Exercise objective:
Beneath this line are entries. Copy the range from the line with "this 1600×1200 image." to the line with "this 1280×1280 image.", ends included, exactly; leave pictures out.

Stored data:

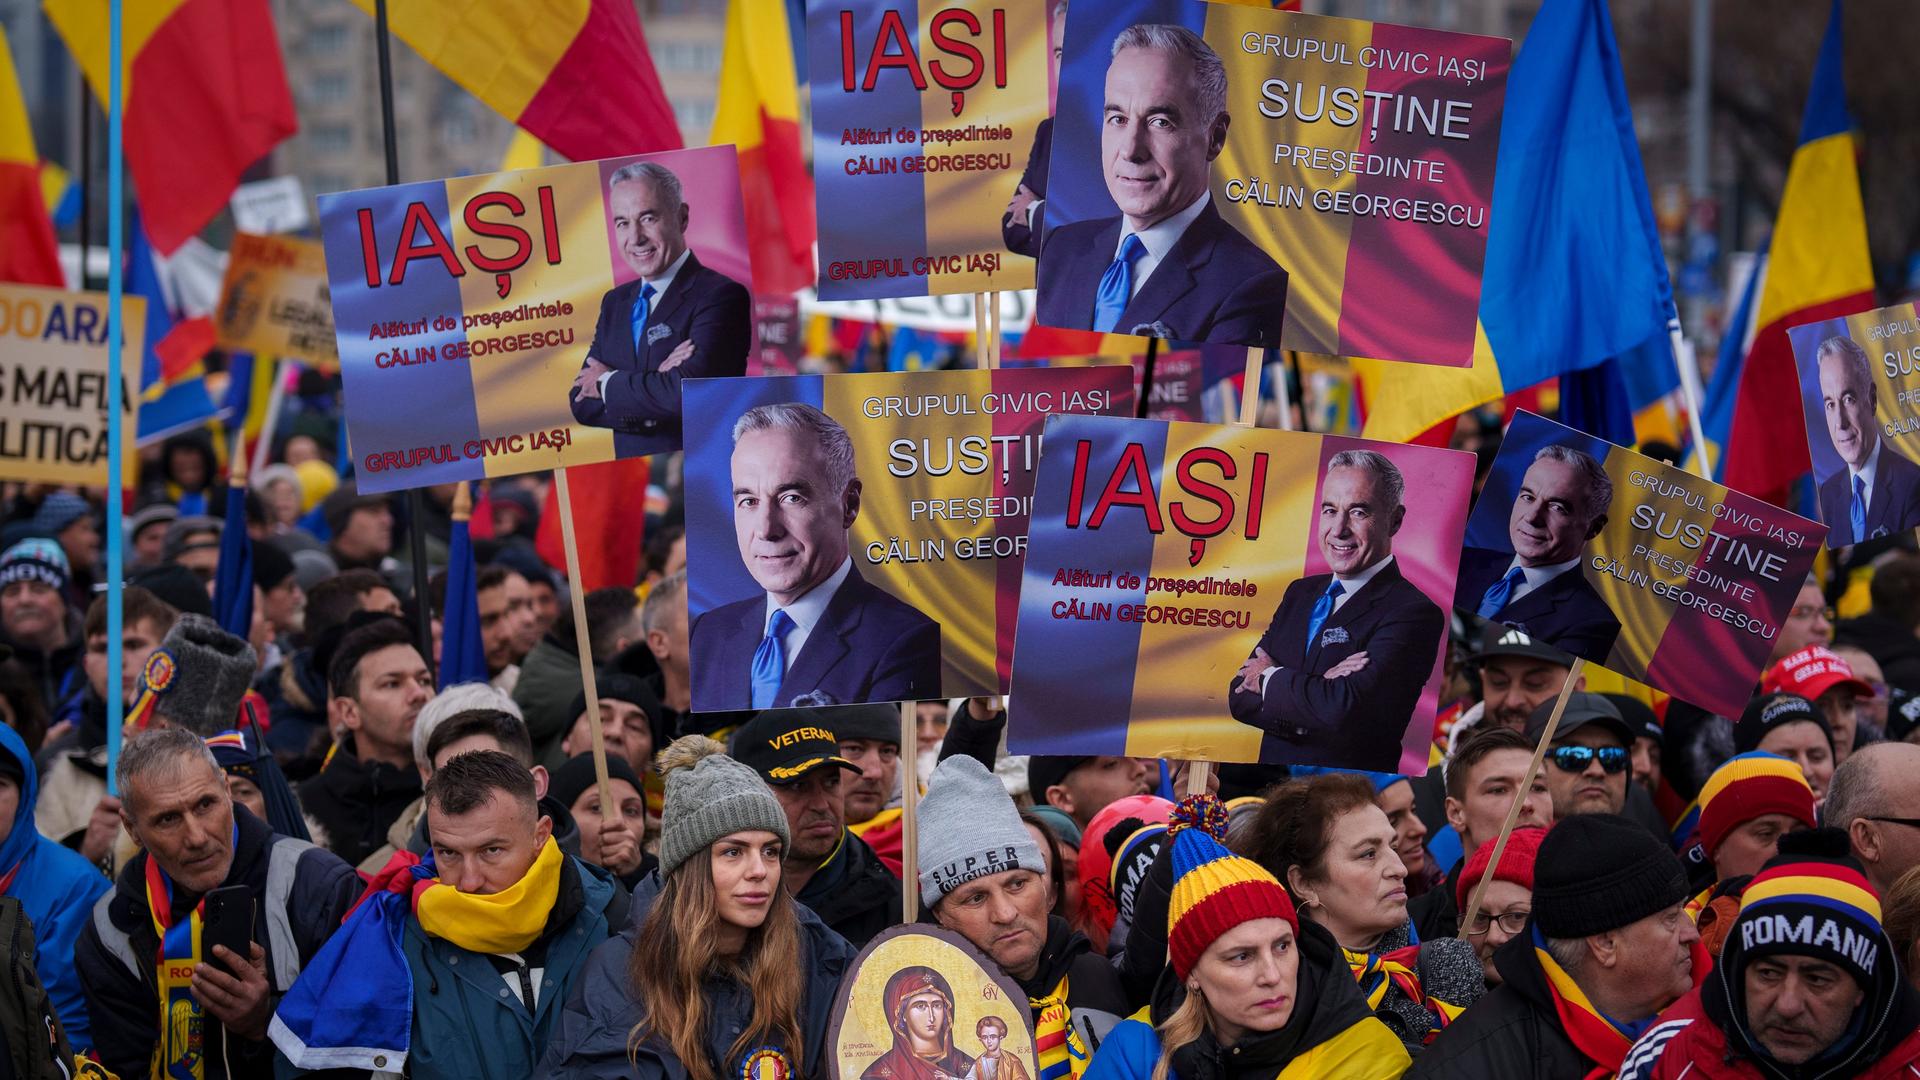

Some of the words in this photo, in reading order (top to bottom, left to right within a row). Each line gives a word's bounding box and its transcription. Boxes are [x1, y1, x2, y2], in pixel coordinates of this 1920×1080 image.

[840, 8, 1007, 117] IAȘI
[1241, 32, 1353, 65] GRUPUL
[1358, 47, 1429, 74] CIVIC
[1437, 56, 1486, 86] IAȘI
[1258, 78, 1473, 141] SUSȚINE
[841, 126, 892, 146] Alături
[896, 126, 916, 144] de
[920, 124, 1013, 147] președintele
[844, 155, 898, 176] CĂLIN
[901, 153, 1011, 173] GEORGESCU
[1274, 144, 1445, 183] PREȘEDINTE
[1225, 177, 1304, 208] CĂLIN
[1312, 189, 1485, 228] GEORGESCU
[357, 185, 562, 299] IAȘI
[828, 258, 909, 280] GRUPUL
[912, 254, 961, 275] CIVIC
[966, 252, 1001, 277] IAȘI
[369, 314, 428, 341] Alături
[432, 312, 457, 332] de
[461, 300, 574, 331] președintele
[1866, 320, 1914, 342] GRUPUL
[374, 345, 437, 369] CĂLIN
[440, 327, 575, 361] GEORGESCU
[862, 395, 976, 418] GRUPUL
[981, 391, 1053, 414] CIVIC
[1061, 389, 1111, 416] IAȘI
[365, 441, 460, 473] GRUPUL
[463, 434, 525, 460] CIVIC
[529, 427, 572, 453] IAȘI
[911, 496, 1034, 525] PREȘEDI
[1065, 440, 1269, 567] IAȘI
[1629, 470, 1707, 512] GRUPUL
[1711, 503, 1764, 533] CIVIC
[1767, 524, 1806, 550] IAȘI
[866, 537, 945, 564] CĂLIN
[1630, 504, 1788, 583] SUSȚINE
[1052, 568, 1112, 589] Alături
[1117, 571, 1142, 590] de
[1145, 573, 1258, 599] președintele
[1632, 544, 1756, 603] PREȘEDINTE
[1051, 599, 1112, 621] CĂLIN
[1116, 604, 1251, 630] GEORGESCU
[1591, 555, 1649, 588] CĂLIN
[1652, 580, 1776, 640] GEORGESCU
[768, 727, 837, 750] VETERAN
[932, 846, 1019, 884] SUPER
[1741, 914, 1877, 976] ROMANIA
---
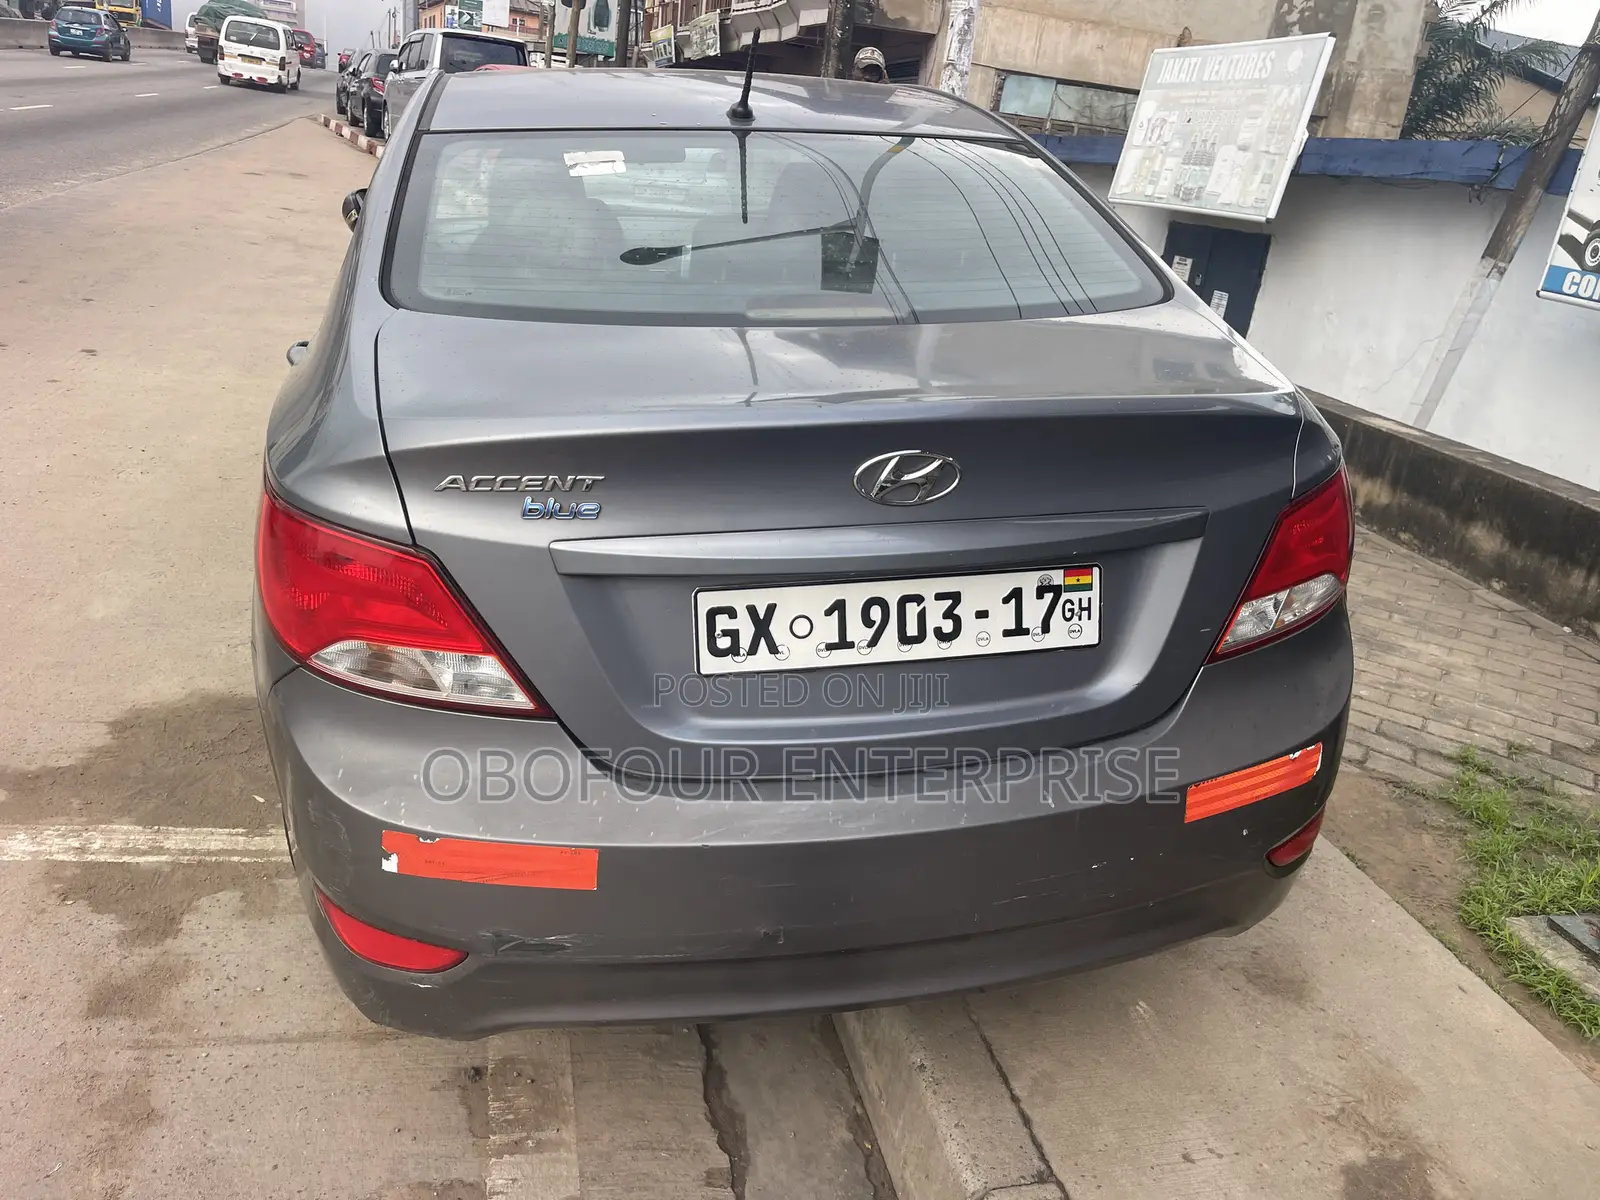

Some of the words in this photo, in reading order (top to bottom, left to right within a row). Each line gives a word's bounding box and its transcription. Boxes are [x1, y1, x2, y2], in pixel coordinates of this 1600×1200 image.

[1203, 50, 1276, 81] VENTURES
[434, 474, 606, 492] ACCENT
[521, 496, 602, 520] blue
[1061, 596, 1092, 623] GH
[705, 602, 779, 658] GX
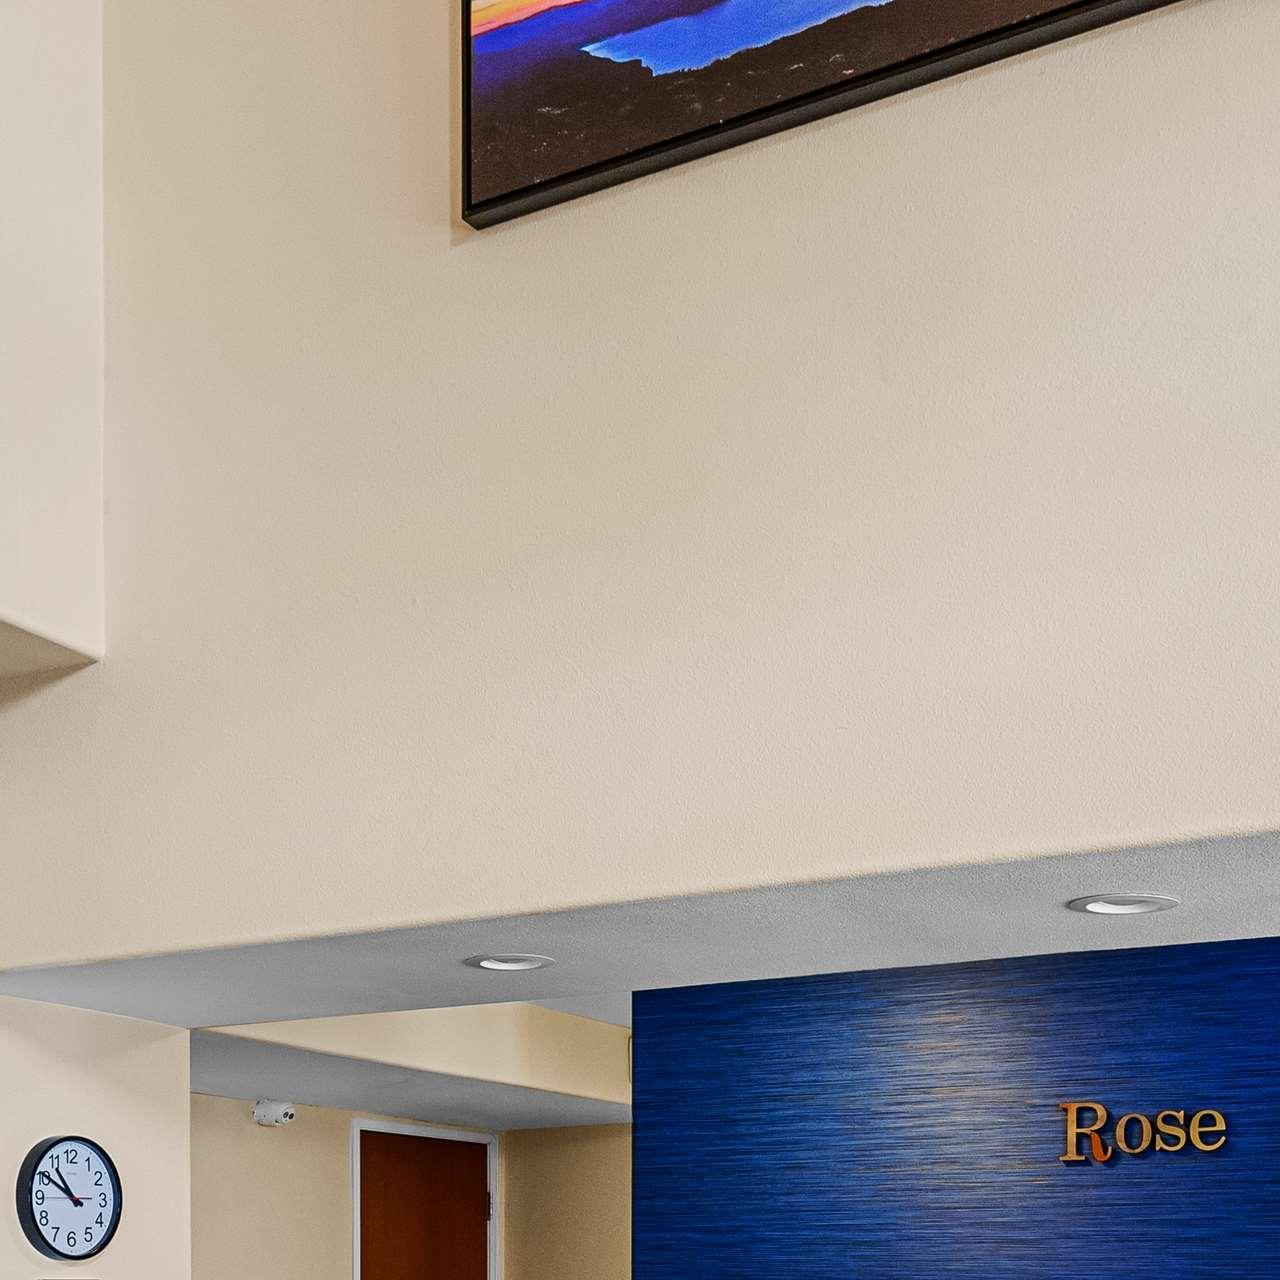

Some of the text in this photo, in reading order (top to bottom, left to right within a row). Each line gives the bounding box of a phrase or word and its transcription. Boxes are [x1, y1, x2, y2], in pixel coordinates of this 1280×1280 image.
---
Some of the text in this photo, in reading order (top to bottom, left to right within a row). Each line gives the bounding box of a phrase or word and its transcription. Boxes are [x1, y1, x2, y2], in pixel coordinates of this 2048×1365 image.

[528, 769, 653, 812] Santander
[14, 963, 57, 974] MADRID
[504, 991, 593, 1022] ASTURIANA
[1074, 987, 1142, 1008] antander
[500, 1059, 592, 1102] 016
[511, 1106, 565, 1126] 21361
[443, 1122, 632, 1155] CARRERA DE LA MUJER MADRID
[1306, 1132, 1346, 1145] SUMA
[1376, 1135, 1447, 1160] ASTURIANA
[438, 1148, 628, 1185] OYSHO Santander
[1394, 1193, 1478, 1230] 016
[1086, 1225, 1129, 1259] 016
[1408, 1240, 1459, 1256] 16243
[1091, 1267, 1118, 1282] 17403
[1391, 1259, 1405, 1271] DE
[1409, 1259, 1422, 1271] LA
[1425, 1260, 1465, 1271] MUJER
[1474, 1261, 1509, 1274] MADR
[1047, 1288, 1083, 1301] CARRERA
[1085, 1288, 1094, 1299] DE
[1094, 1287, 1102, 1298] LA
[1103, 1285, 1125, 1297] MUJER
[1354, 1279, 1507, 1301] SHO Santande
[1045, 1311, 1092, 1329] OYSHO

Result for this task:
Some of the words in this photo, in reading order (top to bottom, left to right within a row). Each line gives a word's bounding box and its transcription. Boxes are [x1, y1, x2, y2], in pixel coordinates of this 1600×1200 image.

[1203, 50, 1276, 81] VENTURES
[434, 474, 606, 492] ACCENT
[521, 496, 602, 520] blue
[1061, 596, 1092, 623] GH
[705, 602, 779, 658] GX

Some of the text in this photo, in reading order (top to bottom, left to right within a row). Each line gives the bounding box of a phrase or word and its transcription. Boxes are [x1, y1, x2, y2], in pixel coordinates of this 1280×1280 image.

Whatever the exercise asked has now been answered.